Или, например, одно дело так называемая Артемида Орфия в Спарте, на алтаре которой хлестали спартанских мальчишек до крови (в этом обычно видят символическую замену человеческих жертвоприношений, которые бытовали в Греции): в данном случае она важная богиня для ритуала перехода, ритуала посвящения спартанских юношей в другую социальную и возрастную катего­рию. И совершенно другое дело — известная Артемида Эфесская, в которой многие справедливо видят изначально малоазийское божество, подобное Вели­кой Матери Кибеле, которое имеет совершенно другое культовое содержание: это в первую очередь кормительница, подательница всего живого. Или Ахилл, который в одном месте является героем, а в другом — самым главным богом, как, например, в причерноморском городе Ольвия.

Религия. Во что и как верили древние греки и римляне Терракотовая фигурка Артеми-ды Эфесской. I век до н. э.Musée du Louvre; Wikimedia Commons

Существовало множество попыток свести это все к какой-то складной истории, и невозможно их вообще не принимать в расчет, но при исследовании религий приходится быть осторожным, потому что мы не можем быть уверены, что, например, исследуя государственный пантеон греческого города Ольвия в Днепро-Бугском лимане и имея дело с местным Зевсом, мы имеем дело с тем же самым Зевсом, о котором нам рассказывается, например, в каком-то обрывочном предании у другого писателя, который жил где-нибудь в Малой Азии.

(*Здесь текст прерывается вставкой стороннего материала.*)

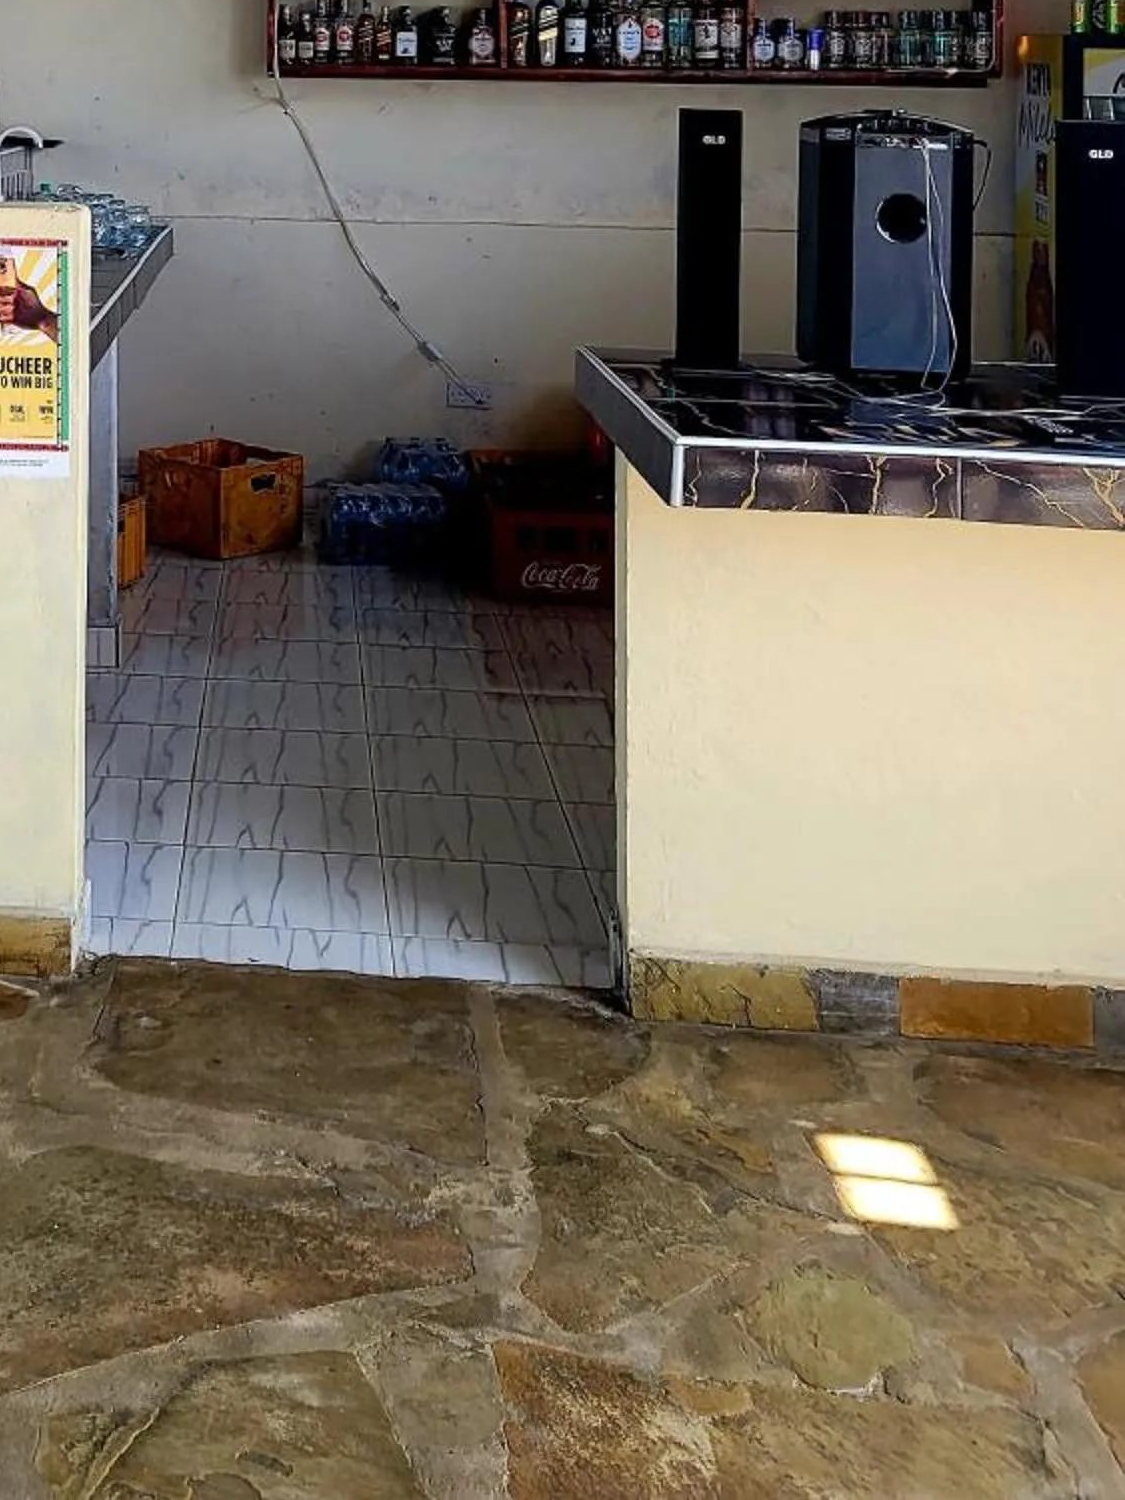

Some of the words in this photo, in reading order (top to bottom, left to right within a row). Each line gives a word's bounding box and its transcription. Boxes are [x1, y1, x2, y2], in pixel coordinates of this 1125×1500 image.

В Риме то же самое. Единственное отличие Греции от Рима заключается в том, что в римских религиях было больше порядка. Греция — даже континенталь­ная Греция с ее четырьмя группами диалектов в архаическое и классическое время, — это очень разнообразный мир. В Риме в этом смысле больше порядка, потому что город, в котором живут римские граждане, будь это даже какая-нибудь отдаленная колония в Германии или в Галлии, все равно в каком-то смысле отражает римский пантеон: в нем все равно есть какие-то базовые вещи, относящиеся к культу, свойственные и Городу с большой буквы. Тем не менее даже в этих городах иногда главенствующее положение занимает не Капитолийская триада, как в Риме, а местные боги.

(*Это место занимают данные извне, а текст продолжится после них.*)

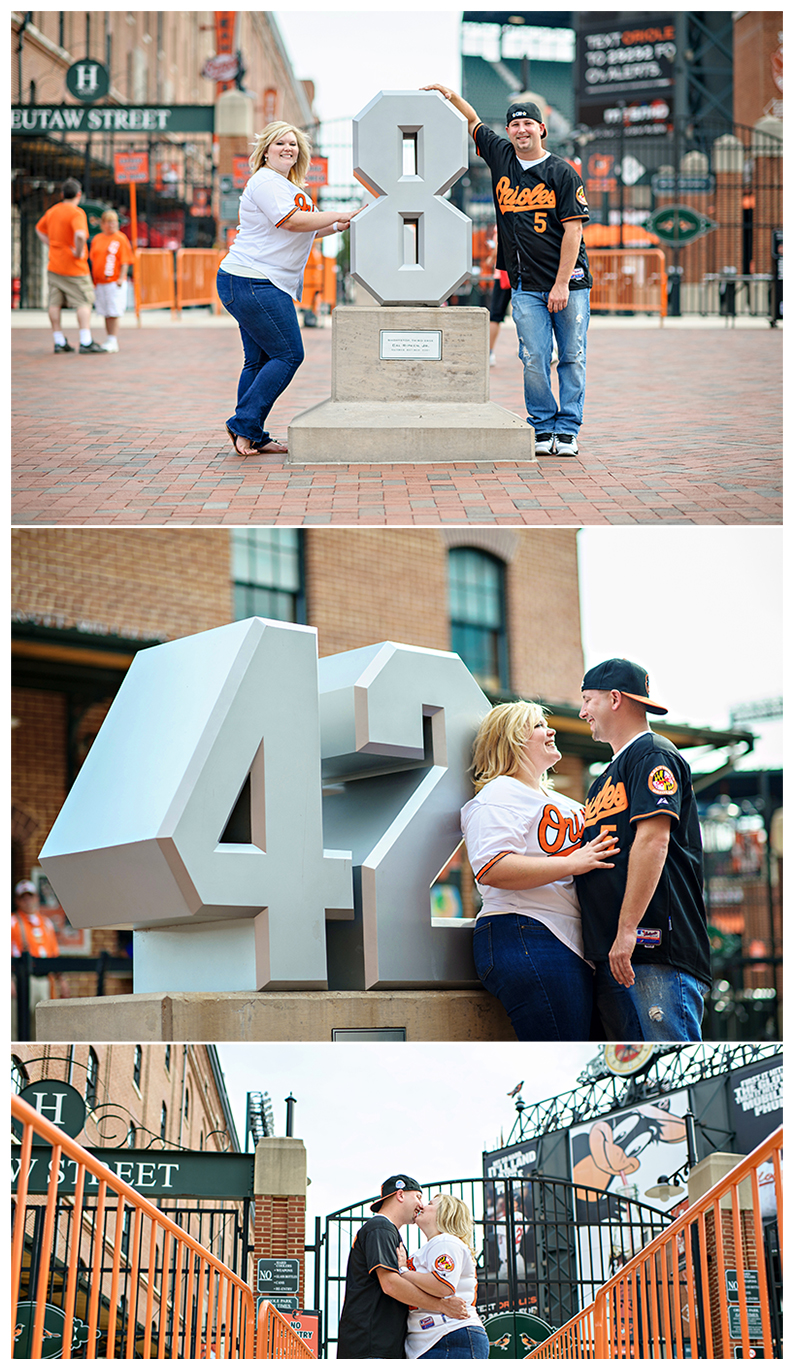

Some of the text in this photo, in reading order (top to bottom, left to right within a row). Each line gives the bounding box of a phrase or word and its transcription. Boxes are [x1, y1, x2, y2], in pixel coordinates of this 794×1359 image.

[76, 65, 100, 90] H
[11, 108, 172, 130] EUTAW STREET
[351, 90, 472, 307] 8
[495, 175, 556, 214] Orioles
[534, 211, 547, 234] 5
[38, 615, 492, 992] 42
[32, 1092, 68, 1125] H
[259, 1269, 273, 1281] NO
[498, 1295, 538, 1311] ORILES
[290, 1321, 303, 1330] NO

Религия. Во что и как верили древние греки и римляне Капитолийская триада (справа налево): Минерва, Юпитер и Юнона. Барельеф Арки Траяна. Беневенто, 114—117 годы © Roger Ulrich / CC BY-NC 2.0

Капитолийская триада — это три божества, Юпитер, Юнона и Минер­ва, кото­рым было посвящено главное святилище Рима — Капитолий. Но это не значит, что они были главными богами для всего Древнеримского государства. Таким образом, правильнее говорить не о какой-то единой греческой или римской религии, а о множестве религий. В такой ситуации вообще не вставал вопрос о том, кто к какой вере принадлежит.

Мы привыкли мыслить христианскими категориями, и даже в современной жизни, когда некоторые наши знакомые вдруг начинают креститься, ходить в церковь, вообще активно воцерковляться, мы говорим: ну вот, обратился. Вот это понятие обращения — чисто христианское; в Античности мы его не знаем до самого позднего времени. С точки зрения римлянина или грека, мир очень многообразен и существуют разные способы воззрения на одни и те же вещи. И признавая, например, над собой главенство какого-то одного бога, ты, возможно, лишаешь себя благодушия со стороны других богов.

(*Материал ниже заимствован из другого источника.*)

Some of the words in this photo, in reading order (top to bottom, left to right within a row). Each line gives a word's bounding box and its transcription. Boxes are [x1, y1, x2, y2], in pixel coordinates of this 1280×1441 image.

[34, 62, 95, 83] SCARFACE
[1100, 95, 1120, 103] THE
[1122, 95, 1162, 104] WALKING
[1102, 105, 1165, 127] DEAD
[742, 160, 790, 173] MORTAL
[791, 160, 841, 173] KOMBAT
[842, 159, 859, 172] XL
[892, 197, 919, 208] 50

Здесь открытая система, она вмещает в себя со временем все; в нее могут по­пасть любые боги — но это должно быть санкционировано самой гражданской общиной. Нельзя просто взять и ввести культ Митры в Риме, нужна опреде­ленная юридическая санкция на это, потому что гражданская община является источником «религиозного откровения» любой религии.

Митру изначально почитали в Древнем Иране и Древней Индии. Это был бог солнца, бог правосудия, бог, карающий клятвопре­ступ­ни­ков… Его культ был очень популярным и проник в религиозные системы самых разных народов. В I веке до н. э. римские военные под командованием Гнея Помпея оказались в Сирии — и принесли этот культ в Рим. В появлении нового культа никто не видел ничего необычного или опасного — но только в том случае, если он будет узаконен гражданской общиной.

Все, что не легитимизировано сенатом или народным собранием, вообще не имеет статуса законного и, по сути дела, не является религиозным. Цицерон рассказывает, что одна из главных весталок лично посвятила алтарь на Капито­лийском холме. Ее посвящение было лишено сенатом легитимного статуса, потому что сенату принадлежат такие решения, а сенат так не решил. И даже если главная весталка, служительница одной из главных римских богинь, сама делает личное посвящение, это не имеет никакого значения. Этот алтарь хотя и не был удален, не входил в категорию священного.

Как физически гражданская община могла легитимизировать новый культ?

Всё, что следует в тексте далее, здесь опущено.